Tuesday, 11 June 2024

Azure Databricks: Differentiated synergy

Azure Databricks: Differentiated synergy

Companies have long collected data from various sources, leading to the development of data lakes for storing data at scale. However, data lakes lacked critical features such as data quality. The Lakehouse architecture emerged to address the limitations of data warehouses and data lakes. Lakehouse is a robust framework for enterprise data infrastructure, with Delta Lake as the storage layer which has gained popularity. Databricks, a pioneer of the Data Lakehouse, an integral component of their Data Intelligence Platform is available as a fully managed first party Data and AI solution on Microsoft Azure as Azure Databricks, making Azure the optimal cloud for running Databricks workloads. This blog post discusses the key advantages of Azure Databricks in detail: 

1. Seamless integration with Azure.
2. Regional availability and performance.
3. Security and compliance.
4. Unique partnership: Microsoft and Databricks.

1. Seamless integration with Azure 


Azure Databricks is a first-party service on Microsoft Azure, offering native integration with vital Azure Services and workloads that add value, allowing for rapid onboarding onto a Databricks workspace with just a few clicks.

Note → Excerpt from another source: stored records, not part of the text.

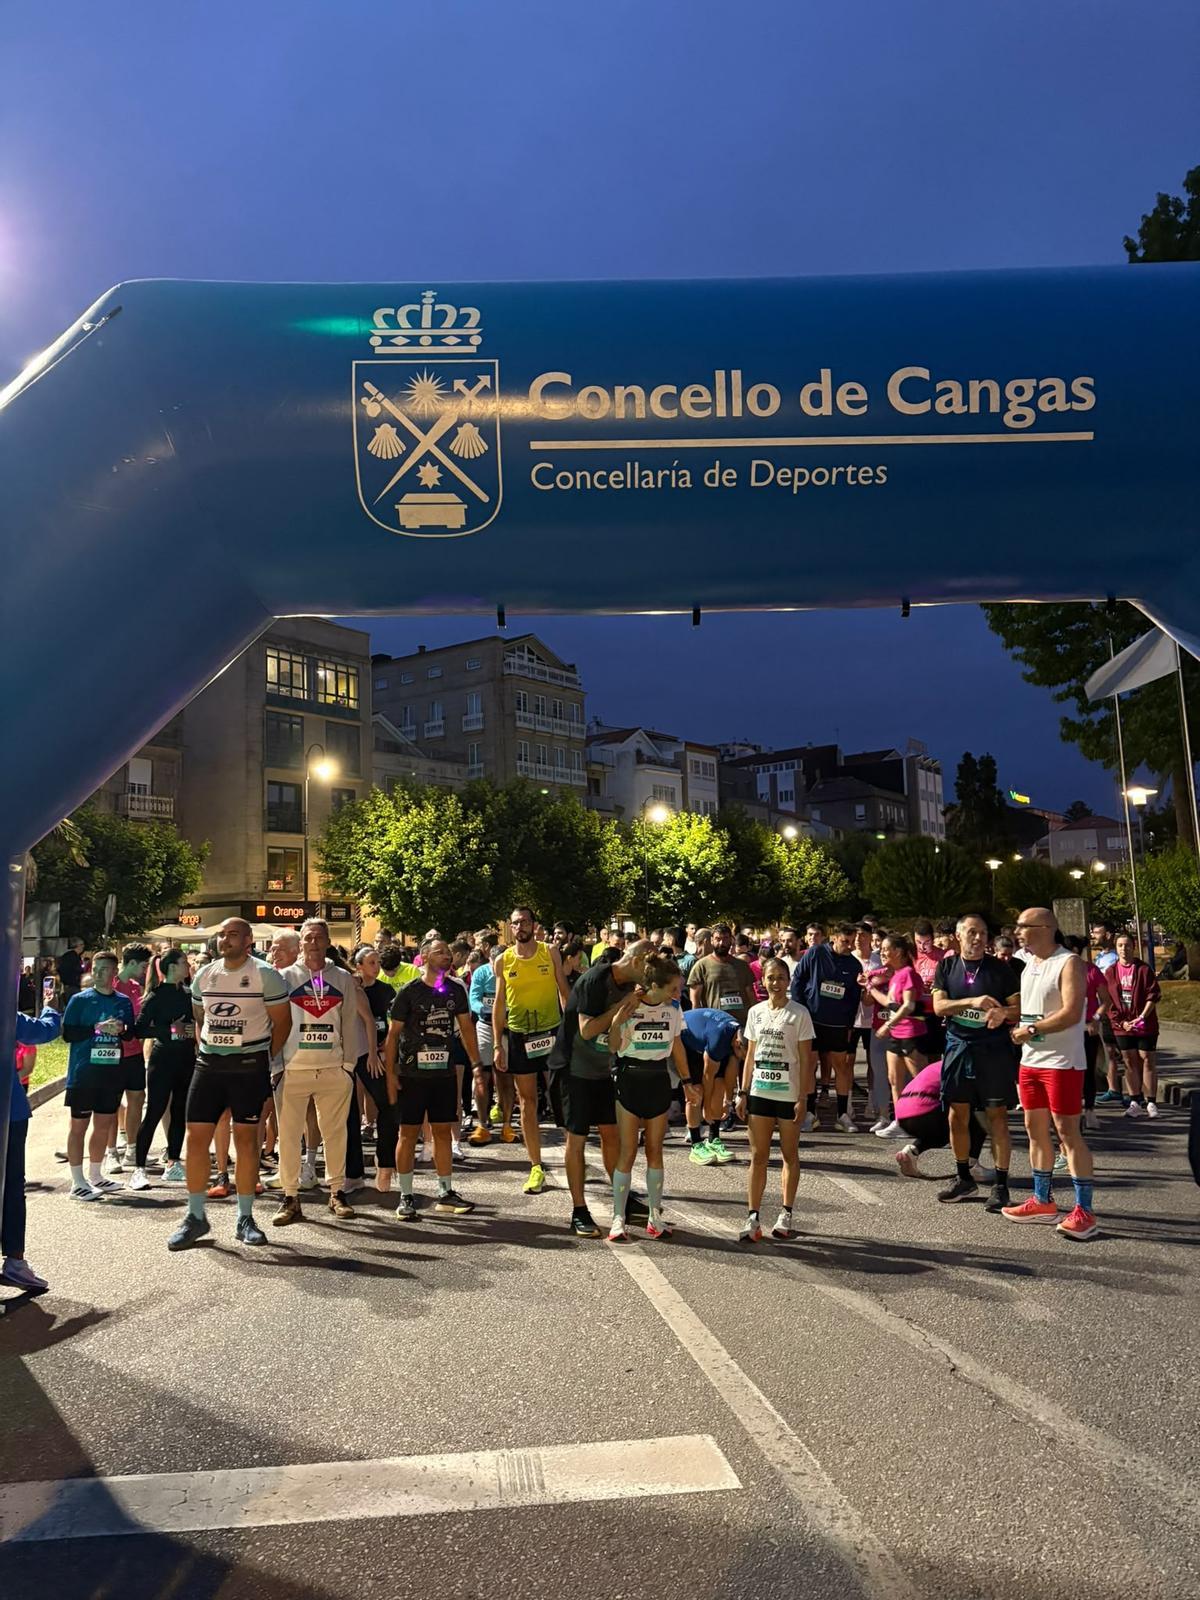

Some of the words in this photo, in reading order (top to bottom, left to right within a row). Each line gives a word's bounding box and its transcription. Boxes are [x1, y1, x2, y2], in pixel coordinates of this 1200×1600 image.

[528, 369, 781, 421] Concello
[800, 368, 868, 416] de
[887, 366, 1097, 429] Cangas
[530, 459, 693, 491] Concellaría
[703, 460, 738, 488] de
[750, 459, 888, 495] Deportes
[272, 905, 305, 919] Orange
[178, 913, 200, 926] range
[303, 999, 330, 1007] adias
[212, 1035, 235, 1045] 0365
[306, 1033, 328, 1042] 0140
[641, 1032, 664, 1041] 0744
[531, 1039, 551, 1050] 0609
[97, 1049, 116, 1057] 0266
[425, 1052, 445, 1061] 1025
[760, 1071, 782, 1081] 0809

Native integration—as a first party service 


◉ Microsoft Entra ID (formerly Azure Active Directory): Azure Databricks integrates with Microsoft Entra ID, enabling managed access control and authentication effortlessly. Engineering teams jointly at Microsoft and Databricks have natively built this integration out of the box with Azure Databricks, so they don’t have to build this integration on their own. 

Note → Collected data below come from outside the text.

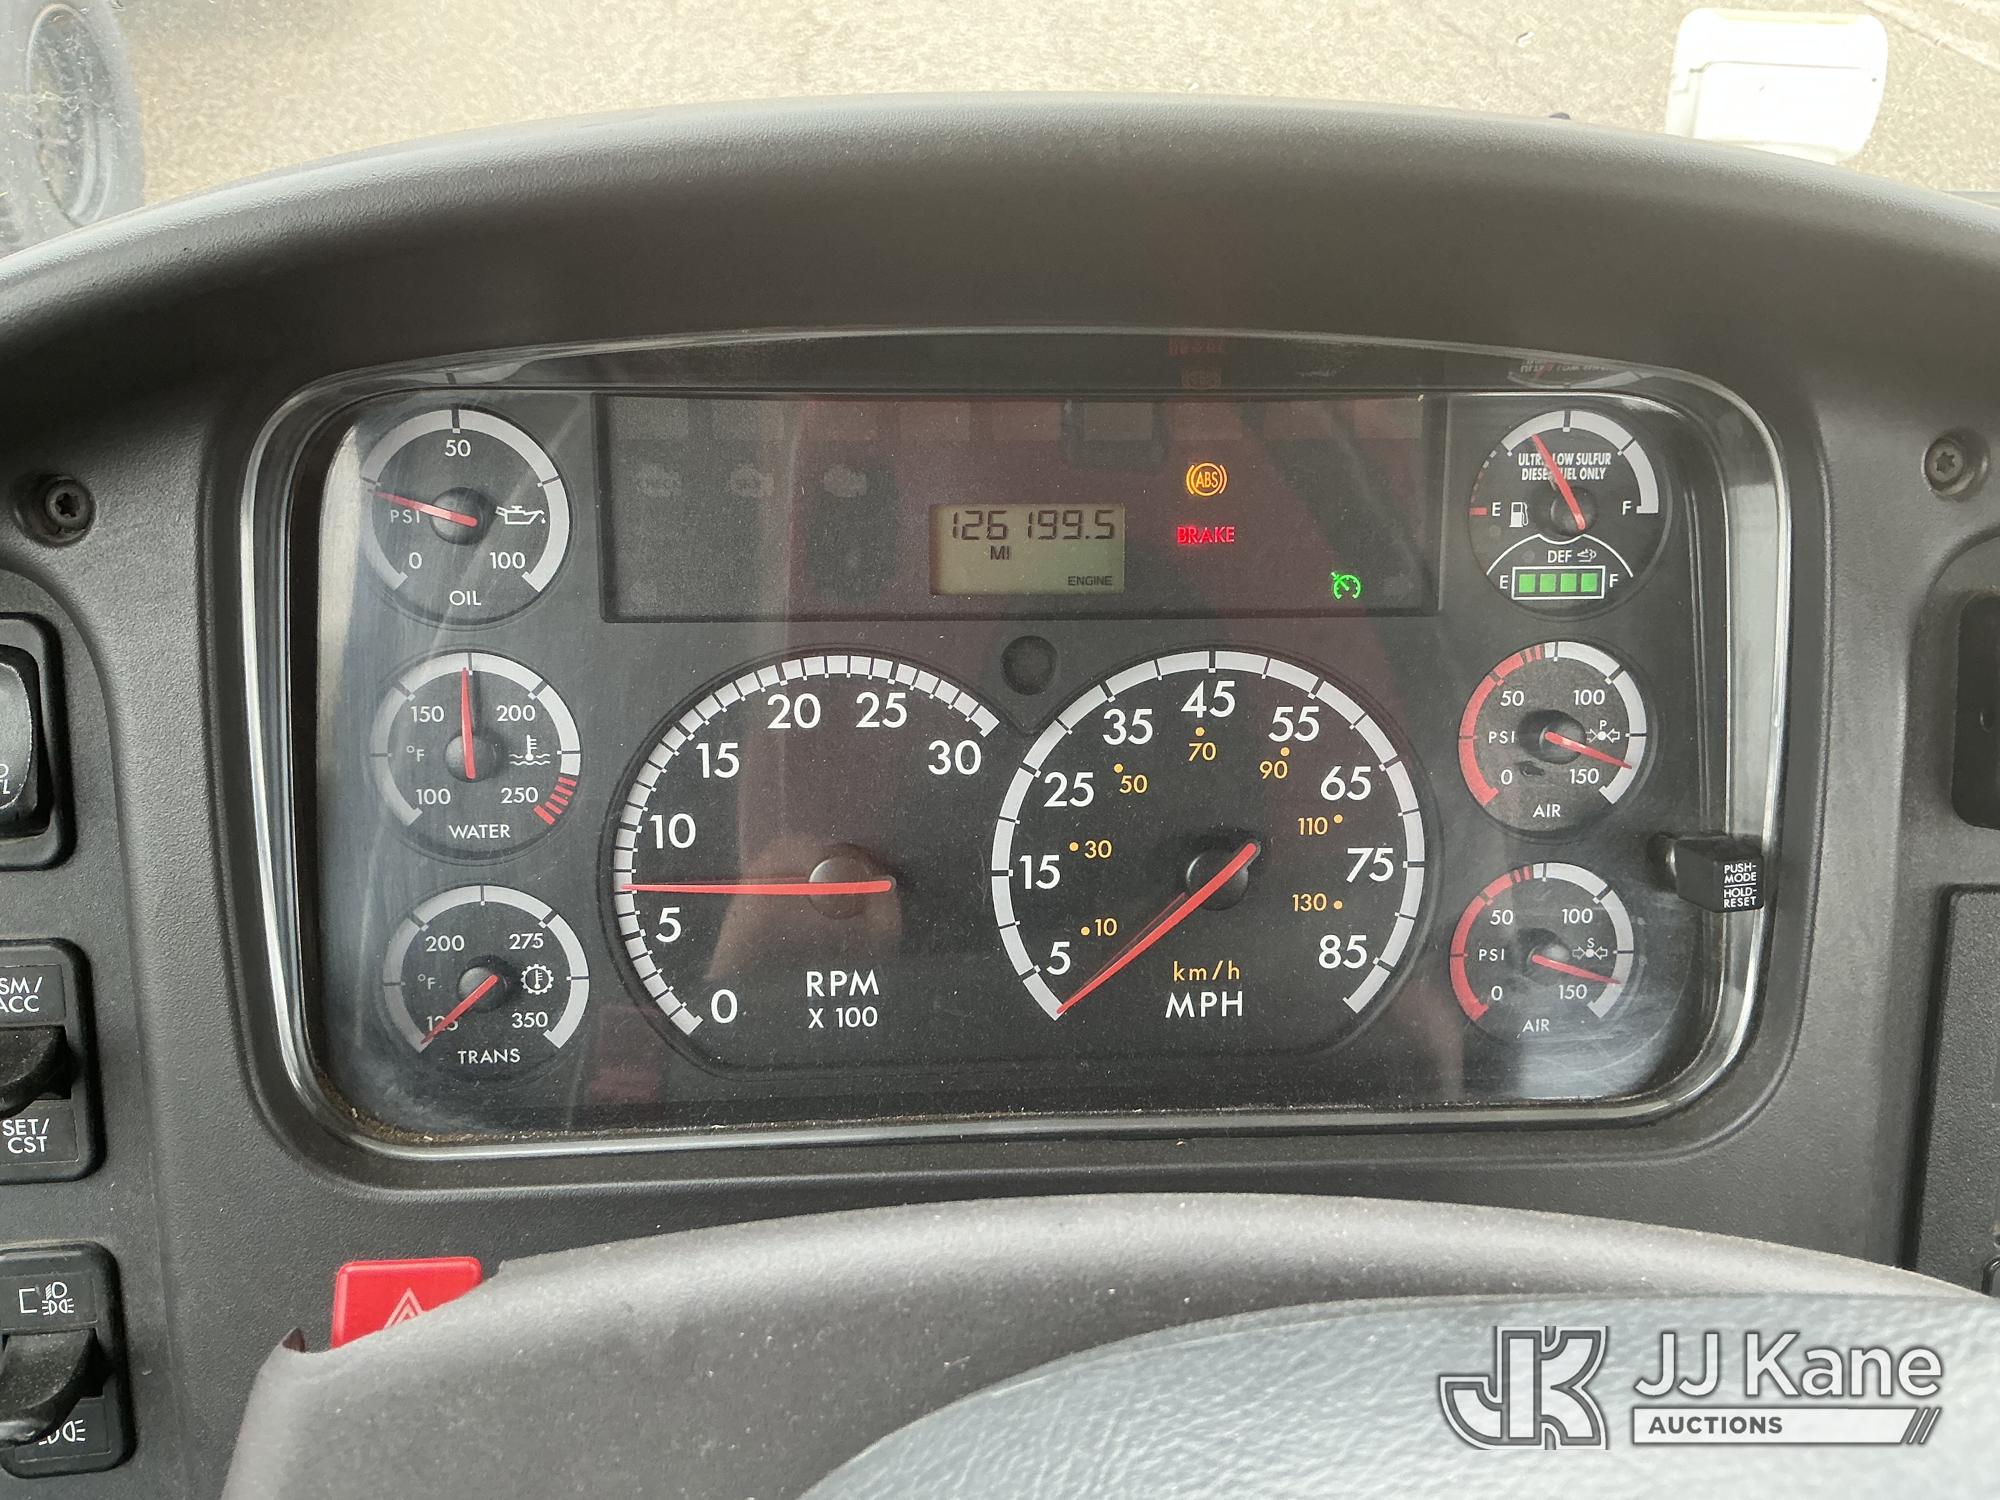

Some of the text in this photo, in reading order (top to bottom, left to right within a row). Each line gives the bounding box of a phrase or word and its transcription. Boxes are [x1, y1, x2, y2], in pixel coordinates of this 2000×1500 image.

[445, 440, 471, 457] 50
[1518, 453, 1548, 466] ULTR
[1576, 453, 1612, 466] SULFUR
[1196, 472, 1219, 488] ABS
[1522, 467, 1553, 480] DIESE
[1579, 467, 1606, 480] ONLY
[1492, 502, 1501, 516] E
[1622, 501, 1632, 515] F
[390, 510, 421, 524] PSI
[1177, 527, 1235, 544] BRAKE
[409, 552, 422, 569] 0
[490, 552, 526, 569] 100
[990, 546, 1010, 560] MI
[1547, 550, 1572, 563] DEF
[1068, 576, 1113, 586] ENGINE
[1500, 575, 1508, 589] E
[1609, 574, 1619, 588] F
[449, 591, 481, 606] OIL
[1181, 681, 1235, 718] 45
[1500, 690, 1524, 706] 50
[1573, 689, 1605, 705] 100
[411, 706, 444, 722] 150
[496, 705, 535, 721] 200
[767, 693, 821, 729] 20
[856, 692, 908, 728] 25
[1103, 709, 1153, 745] 35
[1268, 706, 1319, 742] 55
[1488, 731, 1515, 743] PSI
[928, 740, 982, 775] 30
[1188, 742, 1216, 761] 70
[696, 742, 740, 778] 15
[1259, 761, 1288, 780] 90
[1501, 769, 1512, 785] 0
[1569, 768, 1600, 784] 150
[1044, 772, 1094, 808] 25
[1119, 775, 1148, 794] 50
[1320, 765, 1371, 801] 65
[416, 789, 450, 805] 100
[500, 787, 538, 804] 250
[1532, 804, 1560, 817] AIR
[449, 825, 511, 839] WATER
[649, 813, 696, 849] 10
[1298, 817, 1328, 836] 110
[1084, 840, 1112, 859] 30
[1019, 855, 1060, 890] 15
[1346, 848, 1394, 883] 75
[1724, 862, 1757, 874] PUSH-
[1724, 872, 1757, 883] MODE
[1724, 887, 1757, 898] HOLD-
[1292, 893, 1327, 912] 130
[1724, 896, 1757, 908] RESET
[1490, 910, 1513, 925] 50
[1562, 908, 1593, 924] 100
[656, 907, 681, 942] 5
[1094, 918, 1118, 937] 10
[425, 935, 465, 952] 200
[509, 933, 544, 949] 275
[1047, 941, 1071, 976] 5
[1318, 935, 1367, 969] 85
[1479, 948, 1505, 961] PSI
[1173, 960, 1240, 981] km/h
[806, 969, 879, 996] RPM
[1491, 985, 1503, 1001] 0
[1558, 984, 1587, 1000] 150
[711, 989, 737, 1023] 0
[1165, 991, 1243, 1019] MPH
[511, 1012, 548, 1028] 350
[808, 1006, 878, 1028] X 100
[1522, 1019, 1550, 1033] AIR
[458, 1049, 521, 1064] TRANS
[2, 1118, 50, 1136] SET/
[7, 1136, 48, 1153] CST

◉ Azure Data Lake Storage (ADLS Gen2): Databricks can directly read and write data from ADLS Gen2 which has been collaboratively optimized for fastest possible data access, enabling efficient data processing and analytics. The integration of Azure Databricks with Azure Storage platforms such as Data Lake and Blob Storage provides a more streamlined experience on data workloads. 

◉ Azure Monitor and Log Analytics: Azure Databricks clusters and jobs can be monitored using Azure Monitor and gain insights through Log Analytics.

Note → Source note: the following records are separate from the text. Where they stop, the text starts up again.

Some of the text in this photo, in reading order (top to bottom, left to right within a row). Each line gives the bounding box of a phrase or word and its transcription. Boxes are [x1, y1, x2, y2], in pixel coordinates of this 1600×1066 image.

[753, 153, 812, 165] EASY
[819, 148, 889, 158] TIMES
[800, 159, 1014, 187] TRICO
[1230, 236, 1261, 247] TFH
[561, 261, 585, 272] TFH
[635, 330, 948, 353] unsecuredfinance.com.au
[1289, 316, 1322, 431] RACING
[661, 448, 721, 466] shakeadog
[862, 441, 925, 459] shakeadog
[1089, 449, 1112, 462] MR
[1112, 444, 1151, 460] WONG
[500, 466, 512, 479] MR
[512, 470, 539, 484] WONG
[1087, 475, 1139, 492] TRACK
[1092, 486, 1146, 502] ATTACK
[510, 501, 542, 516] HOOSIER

◉ Databricks extension to VS code: The Databricks extension for Visual Studio Code is specifically designed to work with Azure Databricks, providing a direct connection between the local development environment and Azure Databricks workspace.

Integrated services that deliver value 


◉ Power BI: Power BI is a business analytics service that provides interactive visualizations with self-service business intelligence capabilities. Using Azure Databricks as a data source with Power BI brings the advantages of Azure Databricks performance and technology beyond data scientists and data engineers to all business users. Power BI Desktop can be connected to Azure Databricks clusters and Databricks SQL warehouses. Power BI’s strong enterprise semantic modeling and calculation capabilities allows defining calculations, hierarchies, and other business logic that’s meaningful to customers, and orchestrating the data flows into the model with Azure Databricks Lakehouse. It is possible to publish Power BI reports to the Power BI service and enable users to access the underlying Azure Databricks data using single sign-on (SSO), passing along the same Microsoft Entra ID credentials they use to access the report. With a Premium Power BI license, it is possible to Direct Publish from Azure Databricks, allowing you to create Power BI datasets from tables and schemas from data present in Unity Catalog directly from the Azure Databricks UI. Direct Lake mode is a unique feature currently available in Power BI Premium and Microsoft Fabric FSKU ( Fabric Capacity/SKU) capacity that works with Azure Databricks. It allows for the analysis of very large data volumes by loading parquet-formatted files directly from a data lake. This feature is particularly useful for analyzing very large models with less delay and models with frequent updates at the data source. 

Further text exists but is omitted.